Cisco has patched a maximum-severity flaw, CVE-2026-20223, in the internal REST APIs of Cisco Secure Workload (formerly Tetration), the zero-trust microsegmentation platform used to stop lateral movement in enterprise environments. Insufficient authentication on the affected endpoints lets an unauthenticated remote attacker craft a request that returns sensitive data and modifies configuration with Site Admin privileges across tenant boundaries. Cisco's PSIRT says there is no evidence of in-the-wild exploitation yet and no workaround exists. The on-prem fixed releases are 3.10.8.3 and 4.0.3.17; the SaaS deployment has already been patched. Sites running 3.9 or earlier must migrate to a fixed release.

Check
Inventory Cisco Secure Workload (Tetration) on-prem deployments and their version. Check whether SaaS is in use (already auto-patched).

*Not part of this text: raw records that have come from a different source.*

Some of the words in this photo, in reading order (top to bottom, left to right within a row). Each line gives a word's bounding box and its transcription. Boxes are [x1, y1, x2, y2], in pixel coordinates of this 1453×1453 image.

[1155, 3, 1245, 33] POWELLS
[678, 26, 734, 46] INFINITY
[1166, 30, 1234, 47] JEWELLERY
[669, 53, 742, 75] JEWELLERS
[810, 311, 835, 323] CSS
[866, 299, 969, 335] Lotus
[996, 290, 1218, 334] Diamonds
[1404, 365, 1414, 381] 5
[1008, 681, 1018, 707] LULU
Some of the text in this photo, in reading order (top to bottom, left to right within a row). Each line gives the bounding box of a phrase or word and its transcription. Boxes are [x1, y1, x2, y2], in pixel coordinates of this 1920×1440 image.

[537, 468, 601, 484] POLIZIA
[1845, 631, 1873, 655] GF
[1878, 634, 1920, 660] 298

Review API access logs for unauthenticated calls succeeding.
Affected
Cisco Secure Workload 3.10.x before 3.10.8.3, 4.0.x before 4.0.3.17, and any 3.9 or earlier release. SaaS deployment already fixed by Cisco. No workaround available.
Fix
Upgrade on-prem to 3.10.8.3 or 4.0.3.17. Sites on 3.9 or earlier must migrate to a fixed release. No workaround - patching is the only option.